━━━ Record excerpts
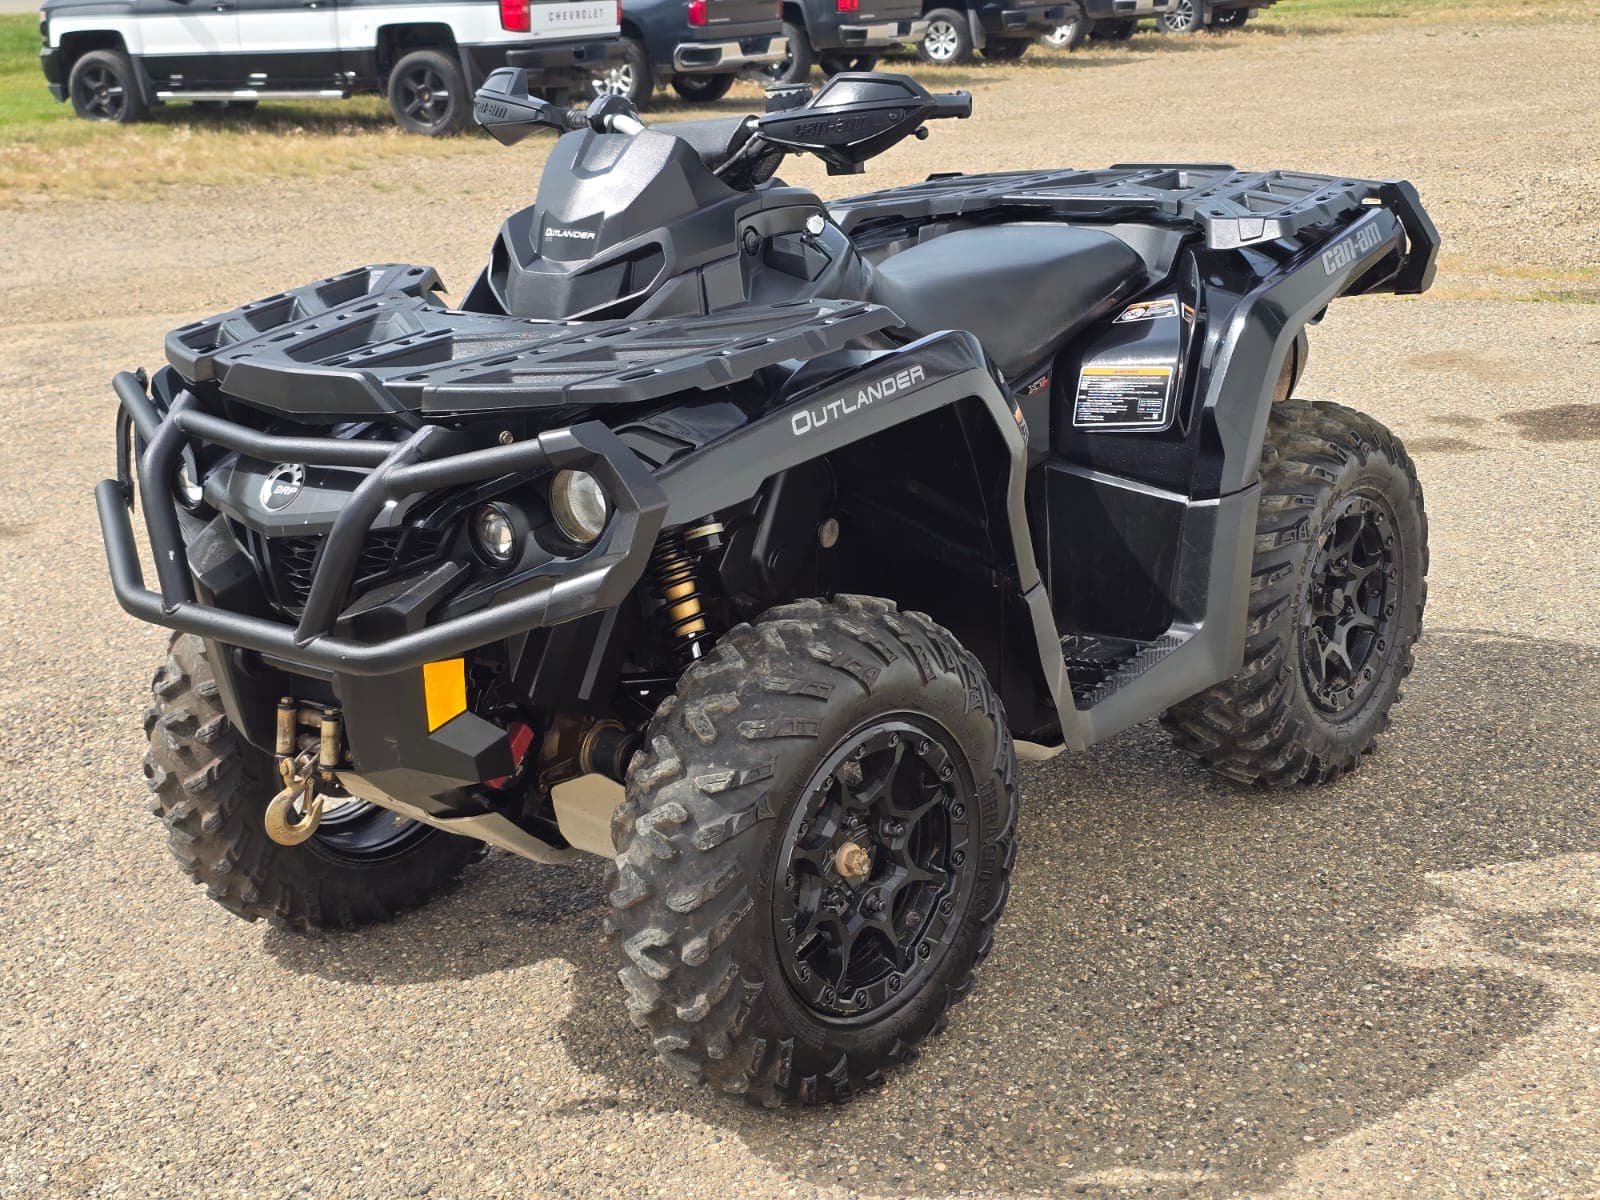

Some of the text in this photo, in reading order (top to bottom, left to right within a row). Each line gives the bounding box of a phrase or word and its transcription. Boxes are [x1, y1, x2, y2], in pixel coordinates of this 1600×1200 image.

[548, 8, 603, 22] CHEVROLET
[545, 227, 596, 240] OUTLANDER
[1321, 222, 1382, 276] can-am
[791, 365, 925, 436] OUTLANDER
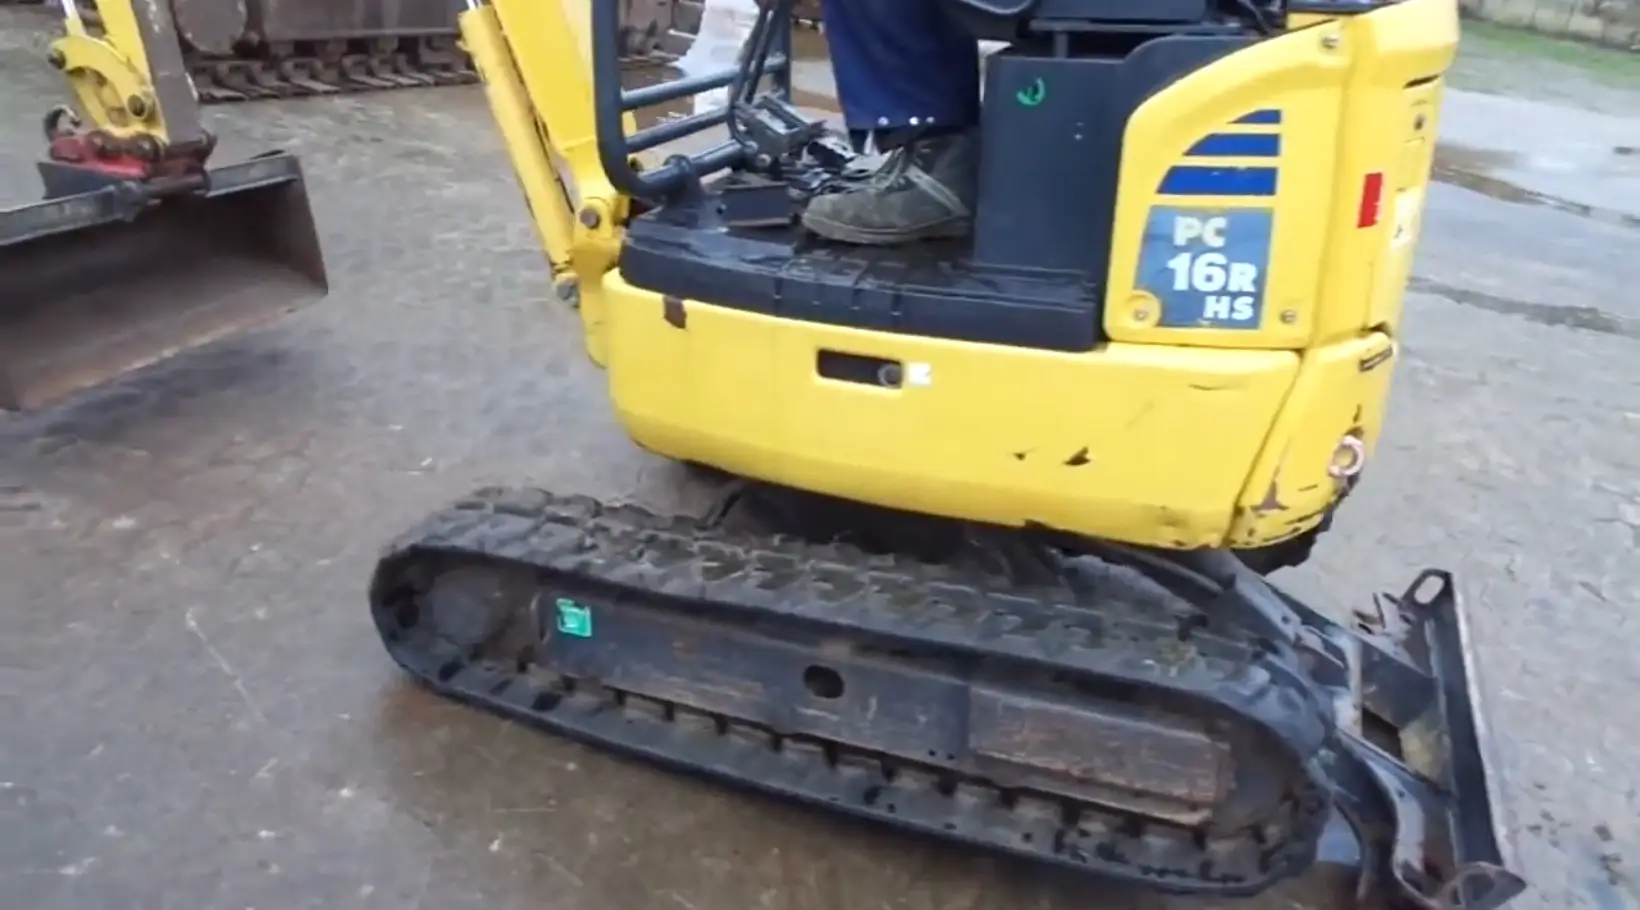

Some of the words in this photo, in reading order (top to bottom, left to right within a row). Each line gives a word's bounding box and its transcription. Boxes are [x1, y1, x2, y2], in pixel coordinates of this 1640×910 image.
━━━━━━
Activity - Here the job is to print all the entries above exactly, minus the images.

Task response -
Some of the text in this photo, in reading order (top to bottom, left to right within a row). Each line gives the bounding box of a phrase or word and its transcription. Boxes are [x1, y1, x2, y2], in pixel coordinates of this 1600×1200 image.

[548, 8, 603, 22] CHEVROLET
[545, 227, 596, 240] OUTLANDER
[1321, 222, 1382, 276] can-am
[791, 365, 925, 436] OUTLANDER

Some of the words in this photo, in reading order (top to bottom, left to right within a row). Each line gives a word's bounding box and its transcription. Boxes are [x1, y1, x2, y2], in pixel coordinates of this 1640×910 image.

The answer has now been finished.